Tear a page into a thousand pieces. Scatter those pieces on the floor. Some will land with the printing side up, and some will be upside down. You’ll see lots of words and pieces of words, but none of them will be connected, and so you will not make sense of any of it.
That’s how my mind feels today. Scattered.
That’s why today’s post is random.
– I remember when Marcel and I were dating (somewhere between 1990 and 1993). Operation Desert Storm happened, and he became a CNN addict. It was hard to tear him away. That was when I knew I’d fallen in love with a news junkie. Mostly, despite the fact that I sometimes grew weary of pictures of bombing and destruction, it made me happy, because I knew life would be interesting and he would teach me things. I also knew he’d have lots of interesting conversations with my father.

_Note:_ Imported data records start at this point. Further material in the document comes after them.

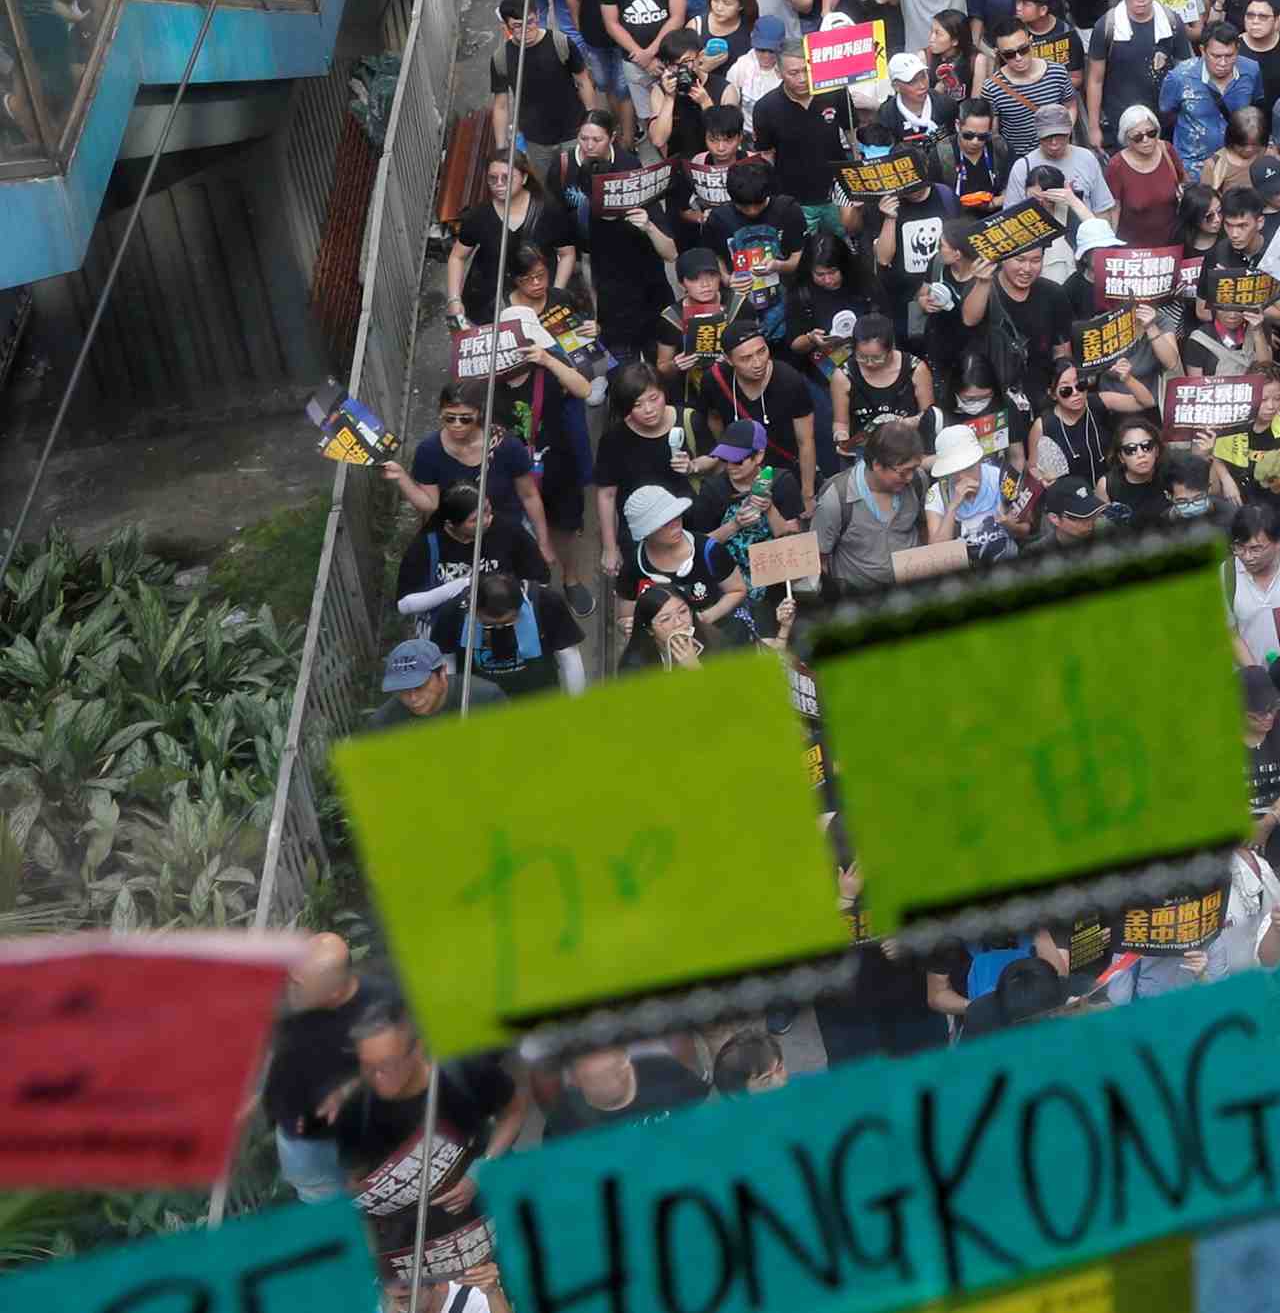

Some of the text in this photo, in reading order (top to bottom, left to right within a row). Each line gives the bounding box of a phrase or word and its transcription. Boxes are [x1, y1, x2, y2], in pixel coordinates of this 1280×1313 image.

[840, 156, 915, 180] 全面撤回
[1105, 256, 1176, 277] 平反暴動
[1175, 383, 1254, 404] 平反暴動
[1173, 403, 1252, 425] 撤銷檢控
[1124, 890, 1222, 927] 全面撤回
[1123, 911, 1220, 943] 送中惡法

– The reason I bring up Marcel’s CNN obsession is that I’m suddenly finding myself glued to the internet trying to learn more about what’s going on in Lebanon. The political unrest in the Middle East has always baffled me, but this time I find myself wanting to understand what’s going on. Partly because I know a man trapped in the country of his birth and I know a woman waiting for him to return home.

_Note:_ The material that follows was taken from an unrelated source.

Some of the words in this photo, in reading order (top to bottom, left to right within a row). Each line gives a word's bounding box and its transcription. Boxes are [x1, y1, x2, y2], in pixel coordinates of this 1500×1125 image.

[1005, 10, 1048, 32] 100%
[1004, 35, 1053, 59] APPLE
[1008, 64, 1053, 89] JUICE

– If/when I become a freelance writer/consultant, I PROMISE I will try to get things in by the deadline, I will get back to you when you call, I will not take off on an extended trip in the middle of an important project without letting you know that it will delay completion of said project, I will listen to you and try to capture the essence of what YOU want rather than what I want, and I will be friendly. Today, I’m frustrated with consultants and my work is stalled and way behind schedule because I am at their mercy.
– Is it just me, or do you find those websites that have sound that automatically starts when you open the site somewhat annoying? Mostly it’s musicians’ sites, and I guess I can understand why they do that, but I find it to be an assault to the senses. When I’m on the internet, it’s usually because I want to SEE things, not HEAR them. I want to be able to choose when I engage the other senses.
– My sister is gone for 2 weeks. I miss her. It feels like part of me is missing when she goes away.
– I’m almost finished a couple of annual tasks that I find to be pure drudgery. The annual report and annual performance reviews of my staff. The end is in site and I couldn’t be happier.
– It’s TV free month at our house. We do this every year – usually in the summer. No TV – not even for Mom and Dad (hence the internet news for the Lebanon conflict rather than CNN). Whenever we do, I find it quite peaceful and often wish we could extend it to TV free year. What’s nice is that the kids often forget after the month is over, and don’t miss it much, so it takes awhile before the TV gets turned on again.
– I am delighted with how much the kids are enjoying the cheap pool we bought. It’s only 2 feet deep and 10 feet across, but judging by the amount of excitement it has caused around our house, you’d think we’d put in an Olympic-sized pool. It makes me happy when my children still take pleasure in small things. Maybe they’re not overly spoiled after all.
– Last night I put together a 3-D puzzle with Nikki and Julie and played a My Little Pony game with Maddie. It was delicious and boring, all at the same time.
– The Franklin Graham Festival (an off-shoot of the Billy Graham Crusade) is coming to our city this fall. The week before the event, they’re getting as many Christians together as possible, cramming them onto a bunch of charter buses, and circling the perimeter of the city, praying all the way. Is it just me, or does that seem cheesy and irrelevant to you too? Not to mention that they’re wasting money and fossil fuels doing it. Maybe they could walk around downtown handing out blankets and sandwiches to homeless people while they pray.
Apparently, there are a lot more scattered pieces in my brain than I thought. I’ll leave the rest lying on the floor for now.